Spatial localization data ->
* * *

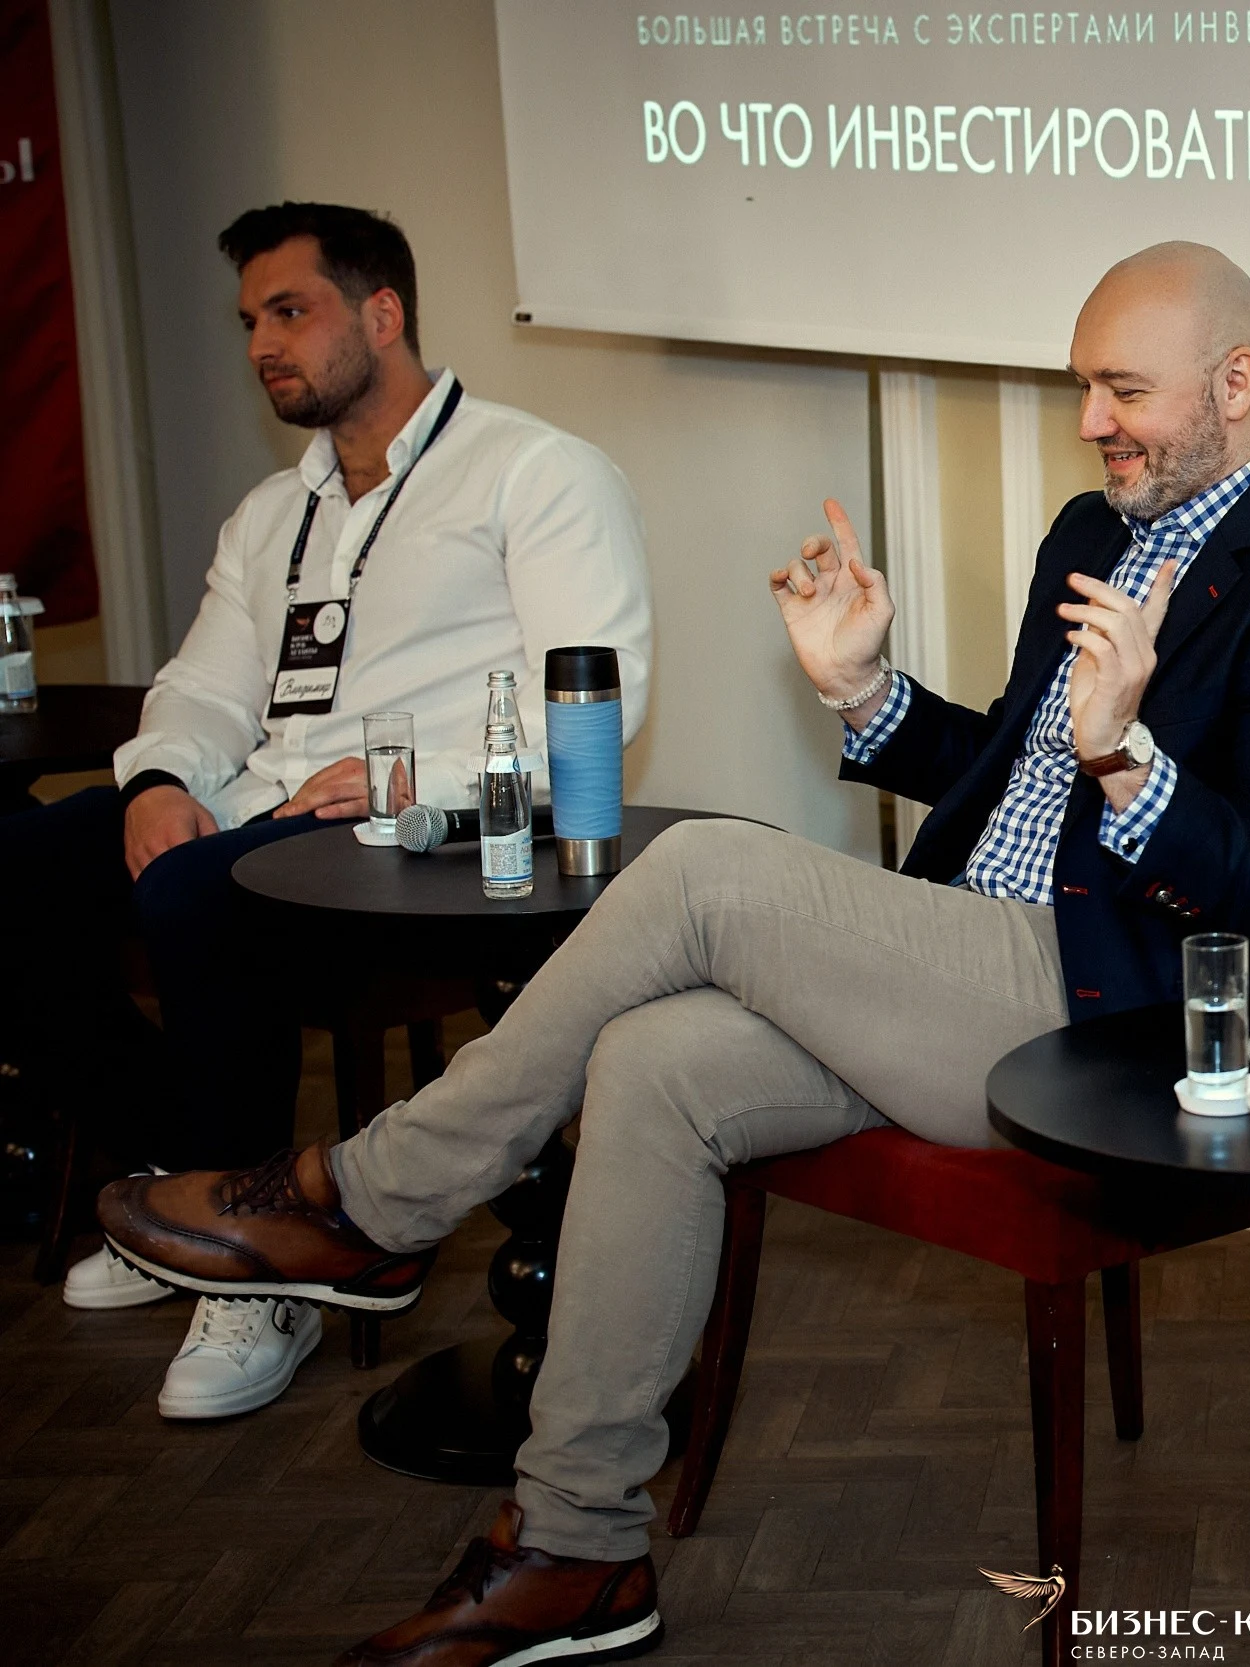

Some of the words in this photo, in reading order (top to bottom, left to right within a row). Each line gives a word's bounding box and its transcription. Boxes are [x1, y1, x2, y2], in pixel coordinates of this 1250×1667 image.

[637, 15, 767, 46] БОЛЬШАЯ
[780, 14, 900, 46] ВСТРЕЧА
[913, 13, 932, 46] С
[947, 12, 1155, 46] ЭКСПЕРТАМИ
[643, 100, 707, 165] ВО
[719, 102, 813, 168] ЧТО
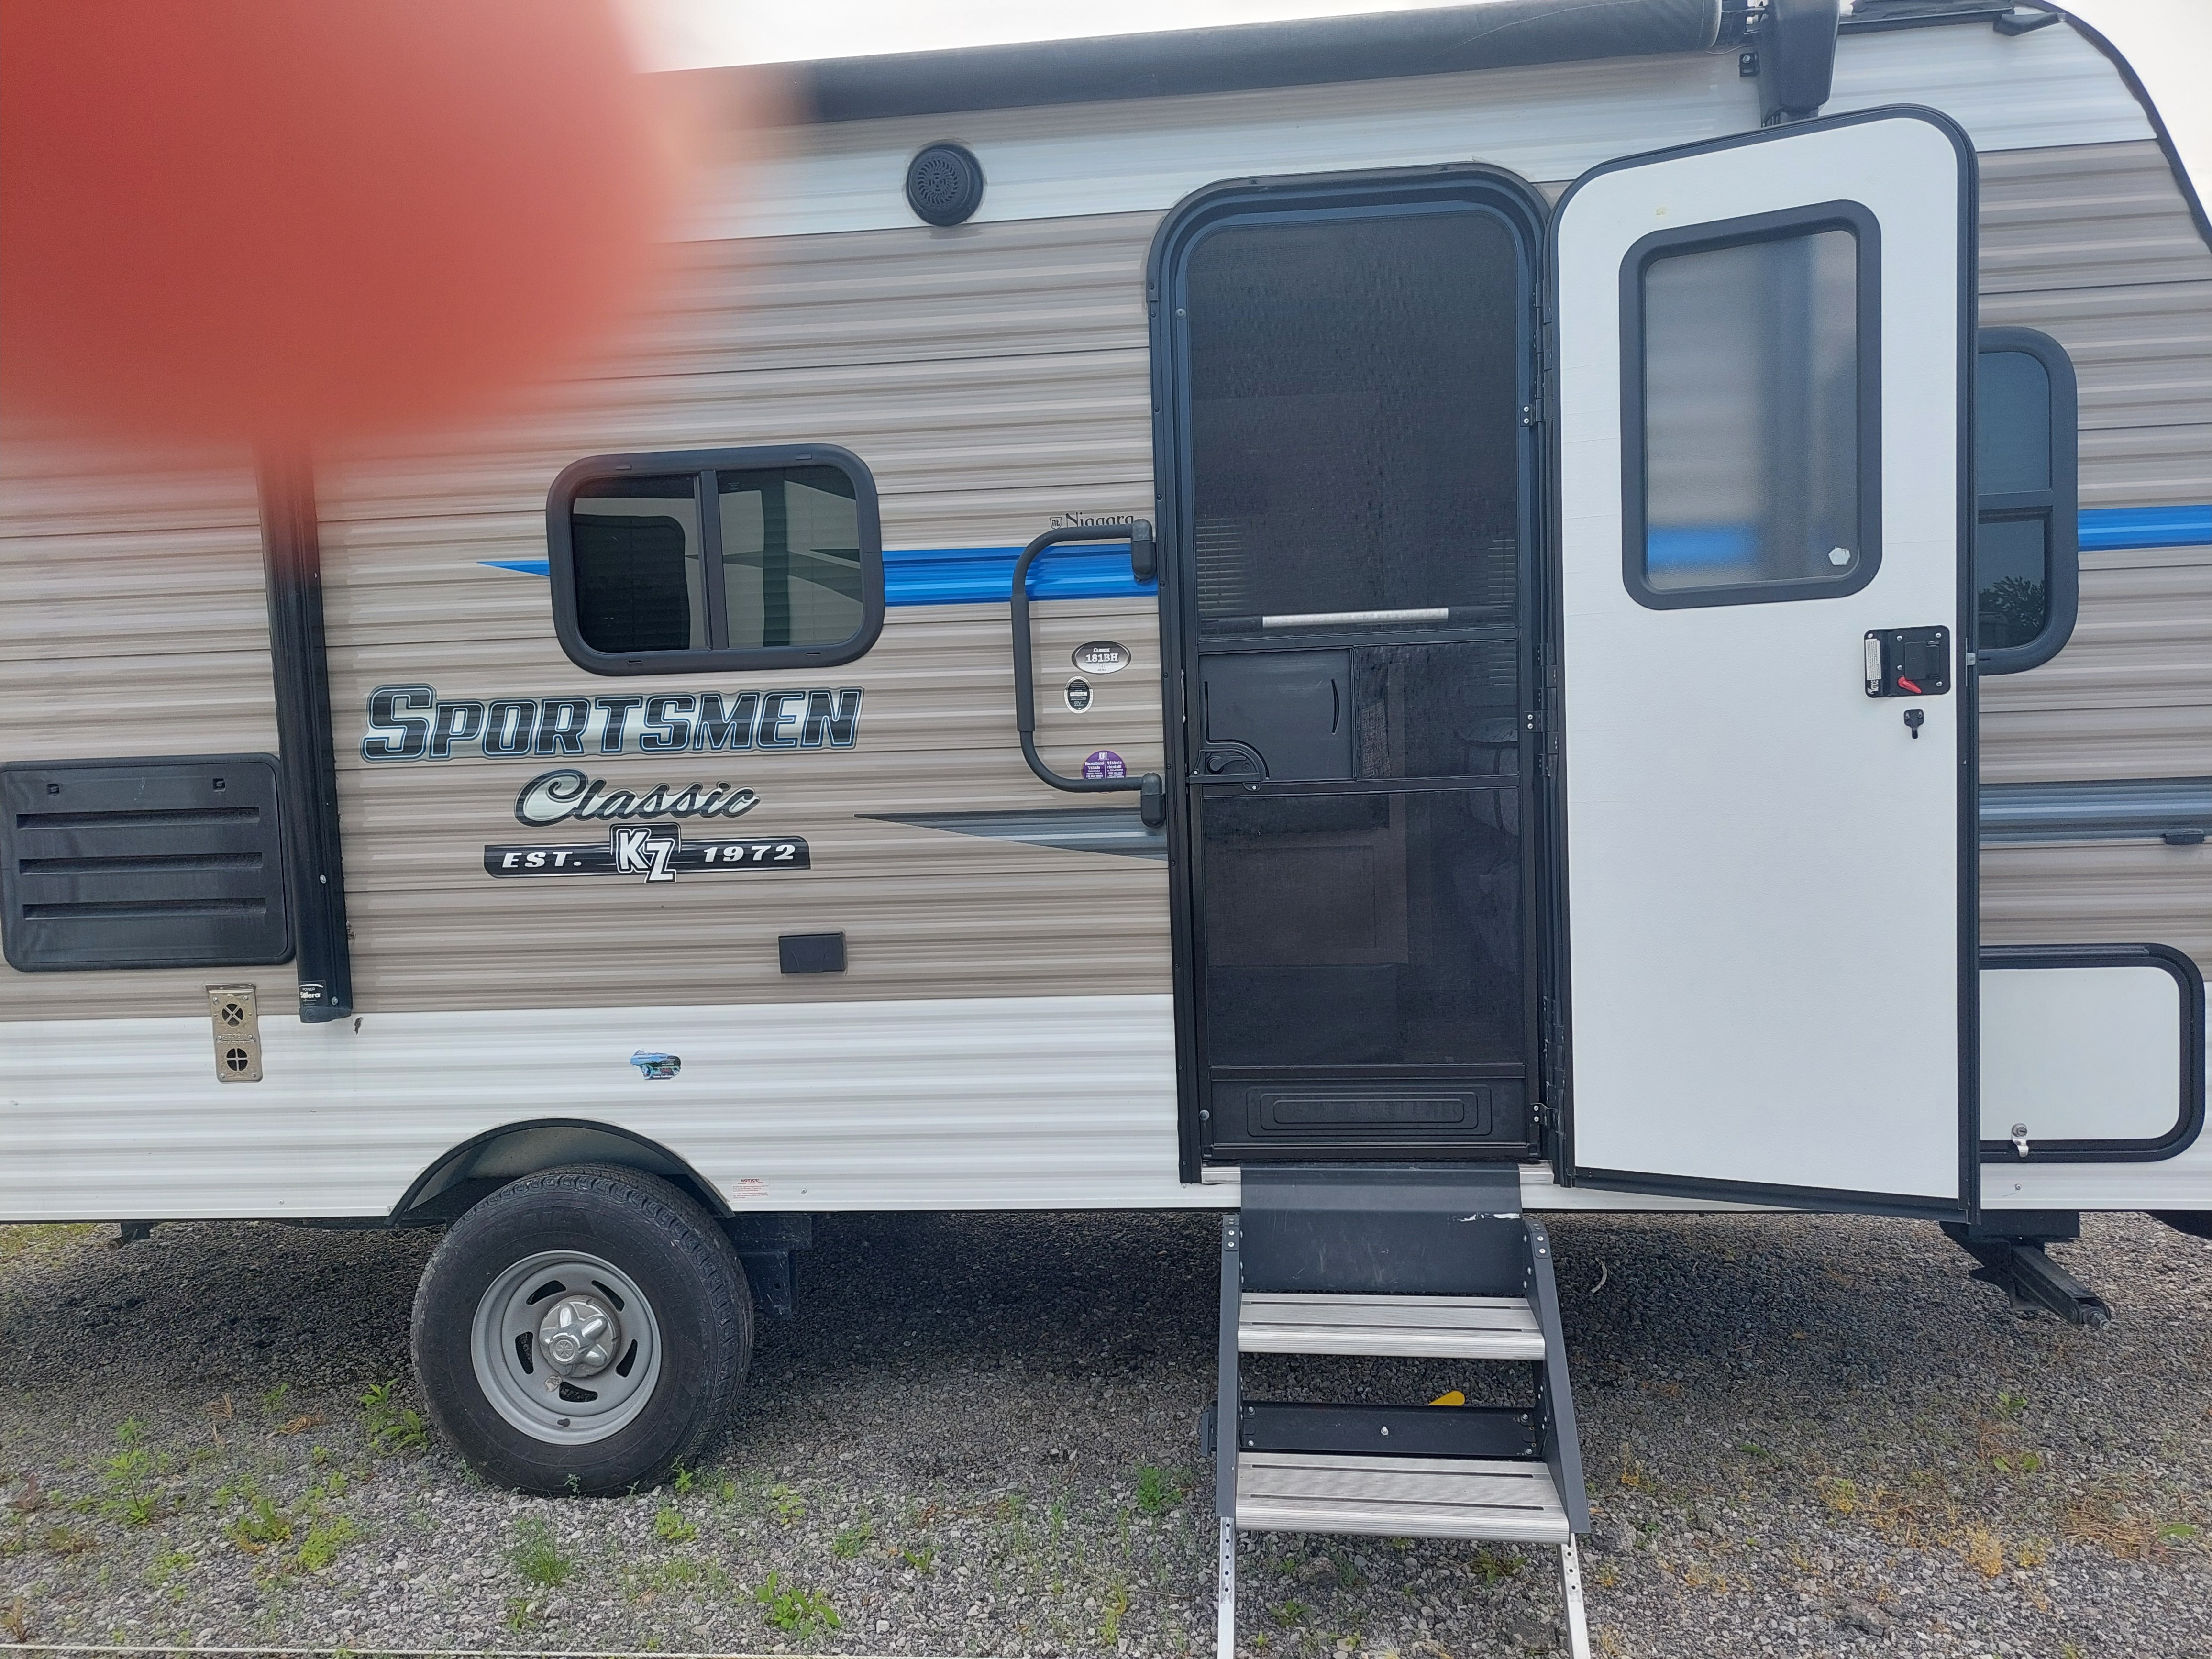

* * *

Task brief -> Would you copy out the data exactly, leaving every picture out?

Written reply ->
Some of the words in this photo, in reading order (top to bottom, left to right within a row). Each line gives a word's bounding box and its transcription. Boxes are [x1, y1, x2, y2], in pixel coordinates of this 1250×1667 image.

[637, 15, 767, 46] БОЛЬШАЯ
[780, 14, 900, 46] ВСТРЕЧА
[913, 13, 932, 46] С
[947, 12, 1155, 46] ЭКСПЕРТАМИ
[643, 100, 707, 165] ВО
[719, 102, 813, 168] ЧТО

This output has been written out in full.